Material provided Block Start

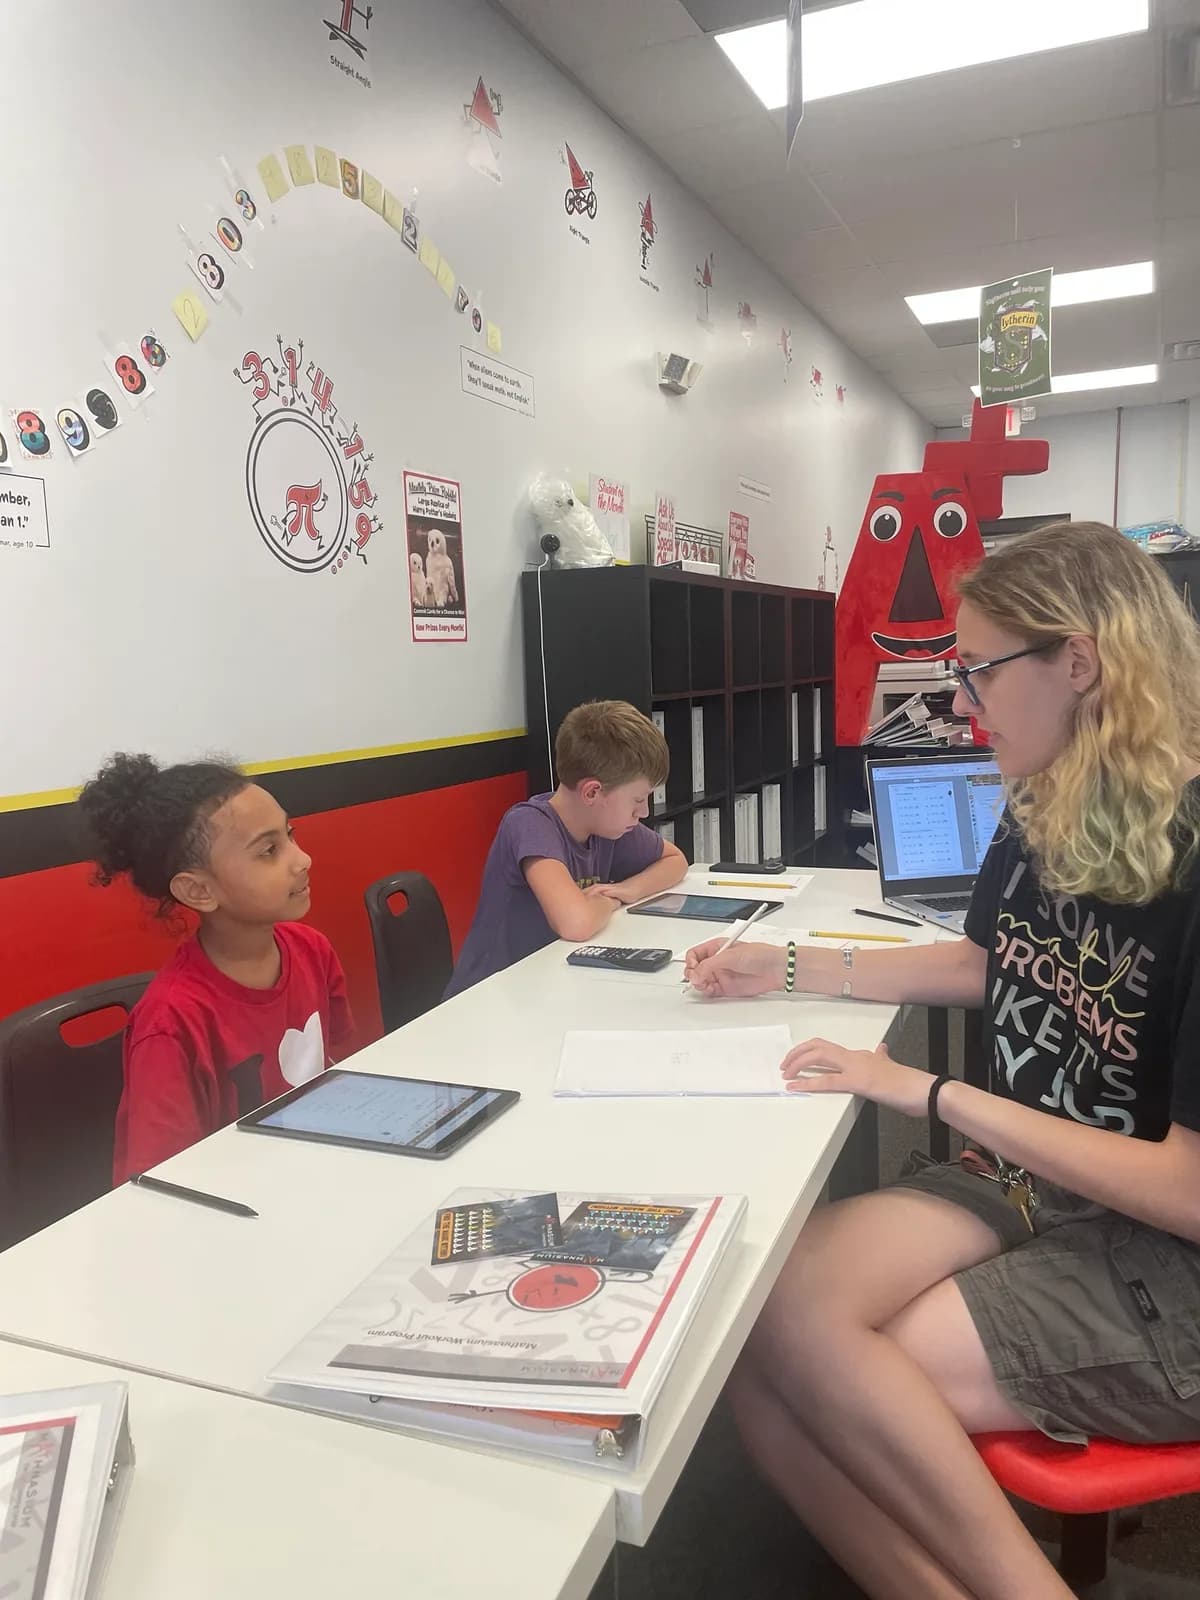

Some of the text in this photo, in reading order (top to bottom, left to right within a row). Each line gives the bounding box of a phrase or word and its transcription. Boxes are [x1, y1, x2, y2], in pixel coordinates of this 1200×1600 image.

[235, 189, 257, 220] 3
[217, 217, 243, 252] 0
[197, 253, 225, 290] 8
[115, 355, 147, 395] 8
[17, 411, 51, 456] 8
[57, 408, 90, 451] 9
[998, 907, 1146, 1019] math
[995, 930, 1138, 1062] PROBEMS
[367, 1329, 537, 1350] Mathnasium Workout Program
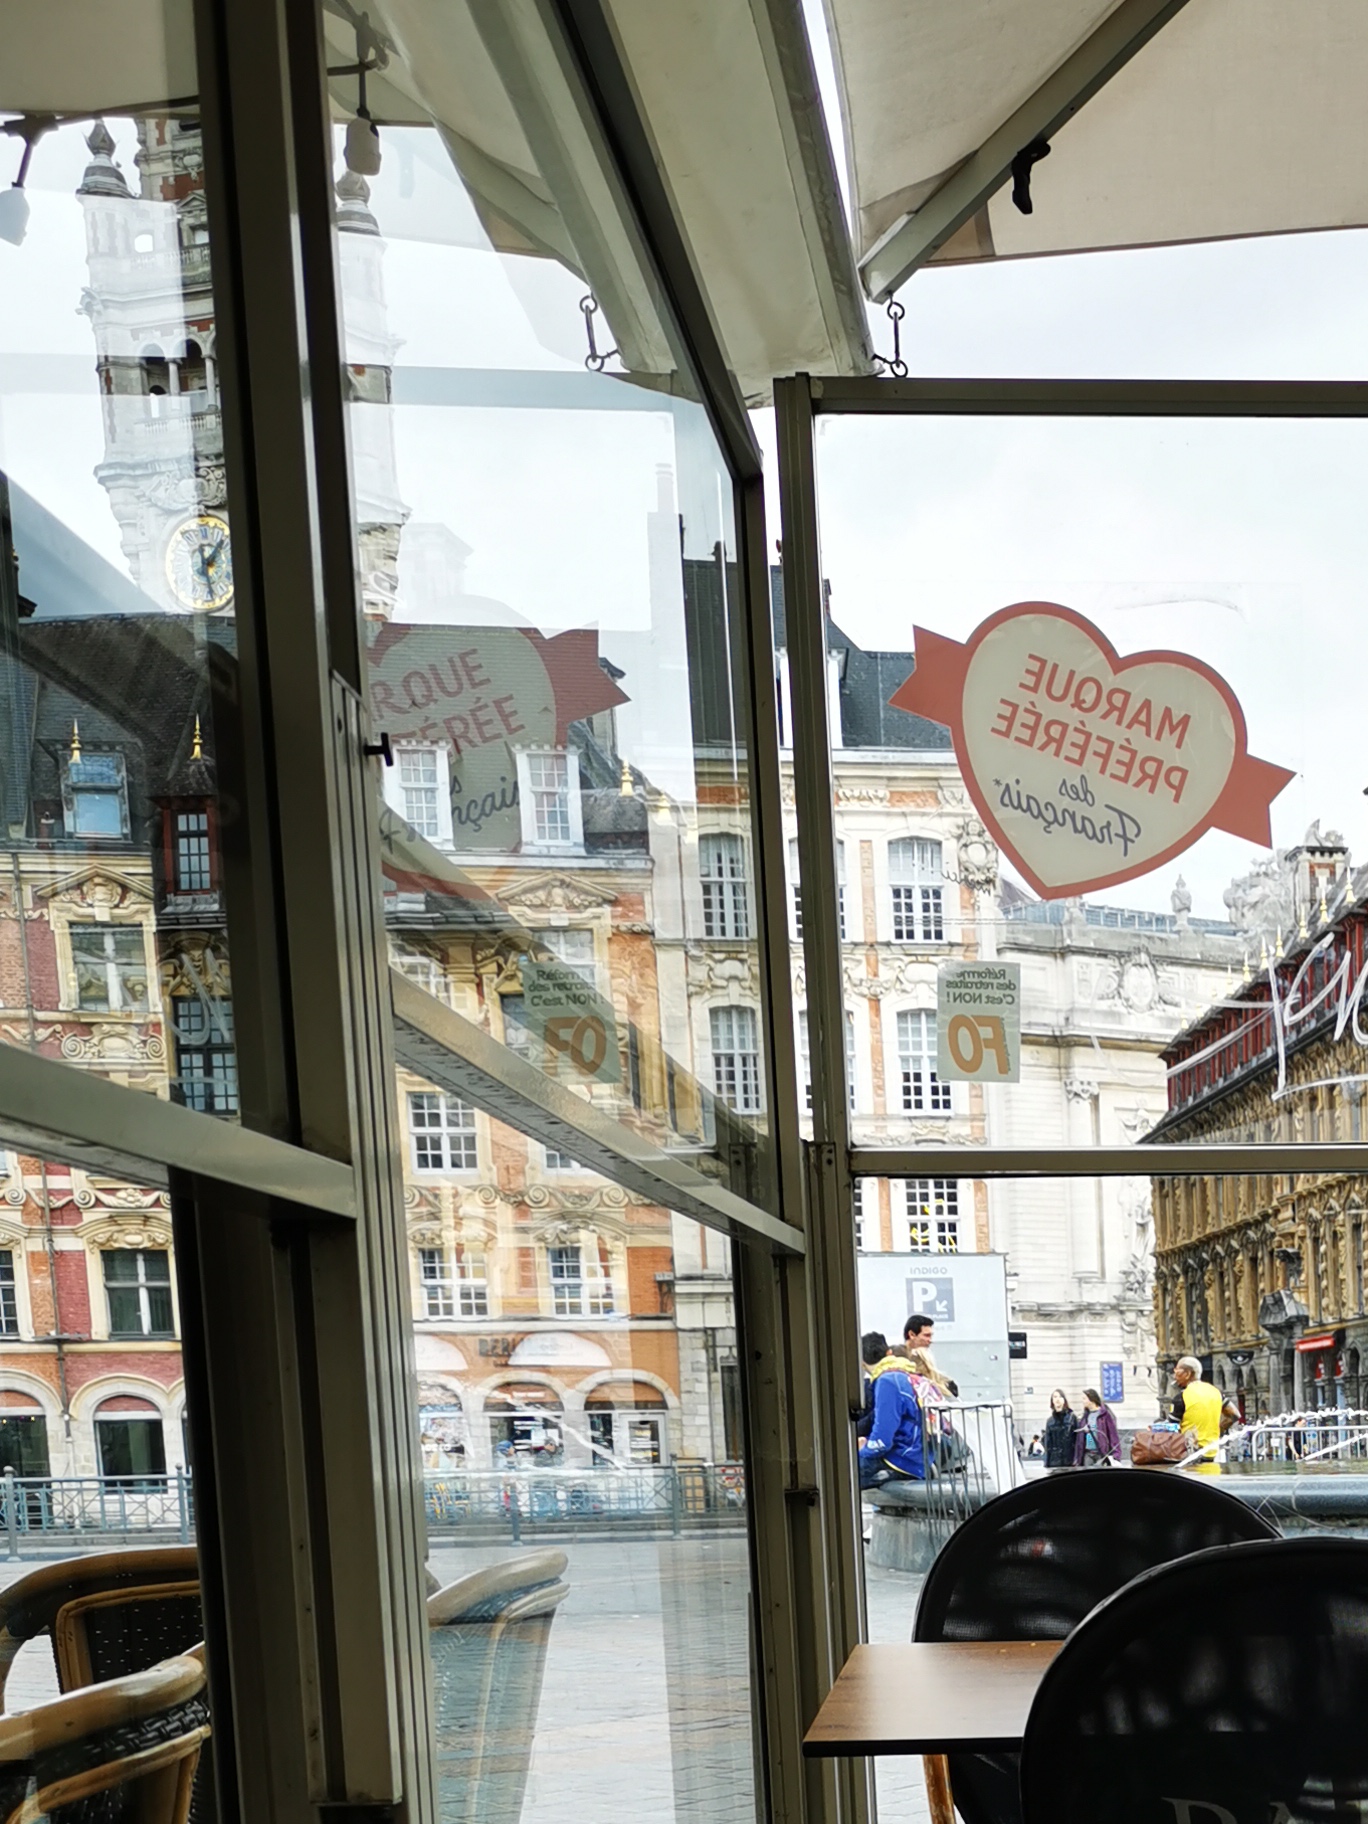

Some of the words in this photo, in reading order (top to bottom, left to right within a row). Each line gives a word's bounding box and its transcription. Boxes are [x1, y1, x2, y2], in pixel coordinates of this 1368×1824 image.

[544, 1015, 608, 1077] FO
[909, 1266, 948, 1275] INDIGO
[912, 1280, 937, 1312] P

Material provided Block End

## What you need to do
Please repeat all of the data exactly, excluding images.

## Response to the exercise
Some of the text in this photo, in reading order (top to bottom, left to right within a row). Each line gives the bounding box of a phrase or word and its transcription. Boxes are [x1, y1, x2, y2], in pixel coordinates of this 1200×1600 image.

[235, 189, 257, 220] 3
[217, 217, 243, 252] 0
[197, 253, 225, 290] 8
[115, 355, 147, 395] 8
[17, 411, 51, 456] 8
[57, 408, 90, 451] 9
[998, 907, 1146, 1019] math
[995, 930, 1138, 1062] PROBEMS
[367, 1329, 537, 1350] Mathnasium Workout Program

Some of the words in this photo, in reading order (top to bottom, left to right within a row). Each line gives a word's bounding box and its transcription. Boxes are [x1, y1, x2, y2], in pixel coordinates of this 1368×1824 image.

[544, 1015, 608, 1077] FO
[909, 1266, 948, 1275] INDIGO
[912, 1280, 937, 1312] P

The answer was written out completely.